Exercise brief: Repeat the entries exactly, and do not carry the pictures over.

Dataset items
*** Begin section ***

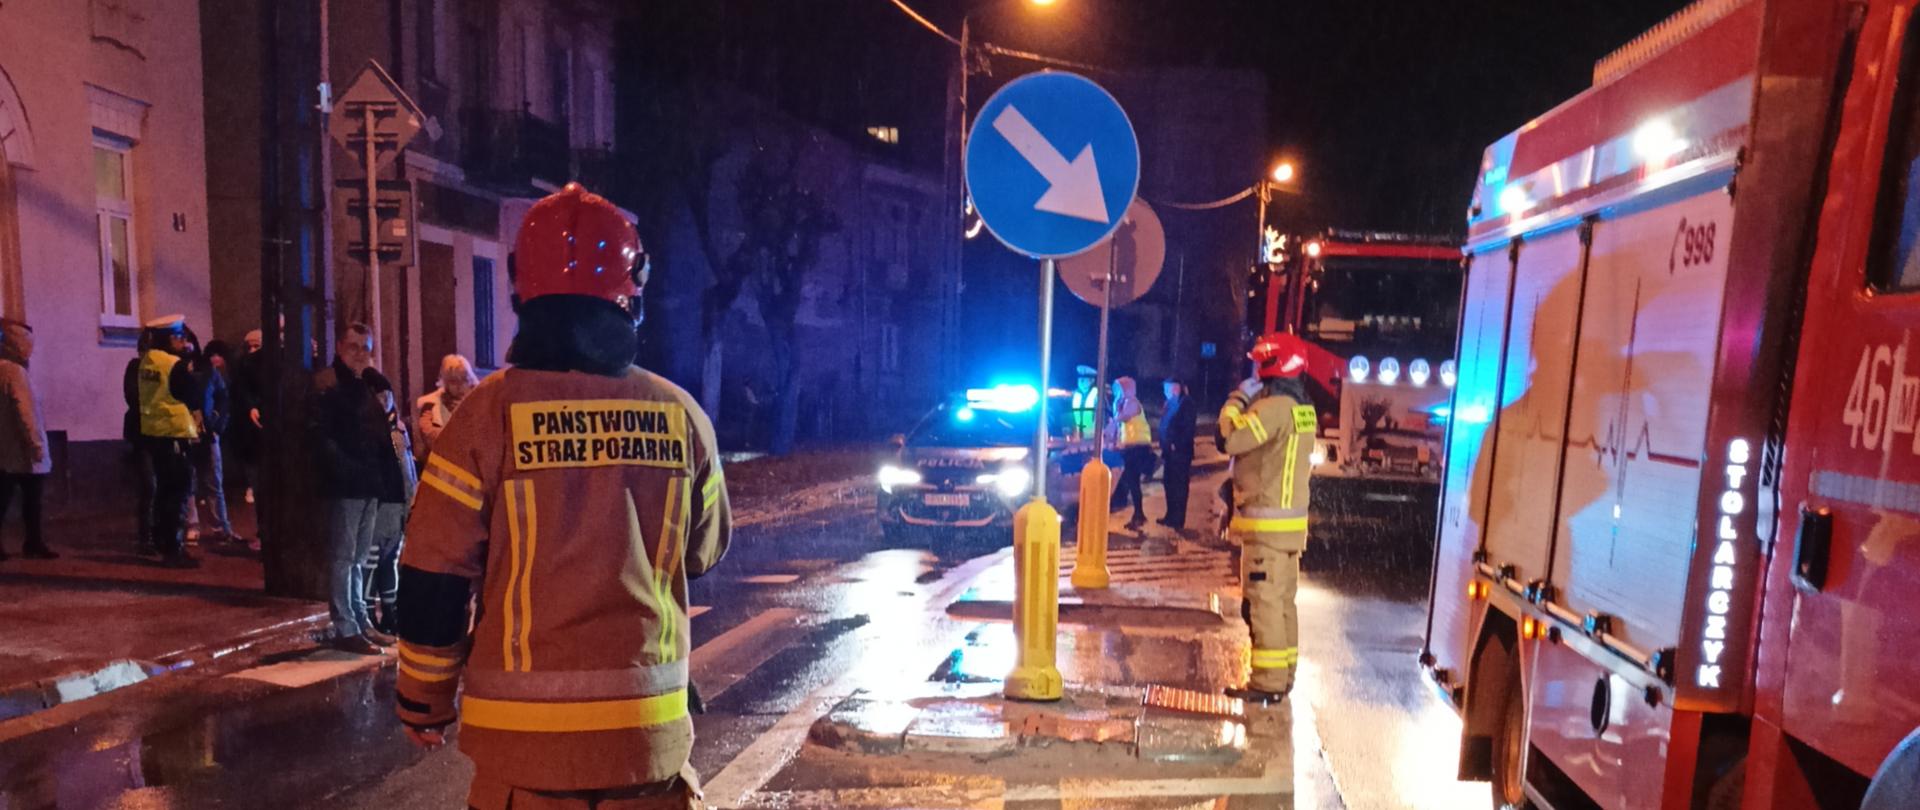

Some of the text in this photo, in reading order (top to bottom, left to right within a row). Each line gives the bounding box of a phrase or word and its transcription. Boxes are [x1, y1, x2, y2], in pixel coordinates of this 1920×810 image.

[1683, 221, 1716, 267] 998
[532, 405, 669, 435] PAŃSTWOWA
[518, 437, 684, 464] STRAŻ POŻARNA
[917, 457, 985, 469] POLICJA
[1696, 438, 1750, 688] STOLARCZYK

*** End section ***

Reply to the exercise:
Some of the text in this photo, in reading order (top to bottom, left to right within a row). Each line gives the bounding box of a phrase or word and its transcription. Boxes are [x1, y1, x2, y2], in pixel coordinates of this 1920×810 image.

[1683, 221, 1716, 267] 998
[532, 405, 669, 435] PAŃSTWOWA
[518, 437, 684, 464] STRAŻ POŻARNA
[917, 457, 985, 469] POLICJA
[1696, 438, 1750, 688] STOLARCZYK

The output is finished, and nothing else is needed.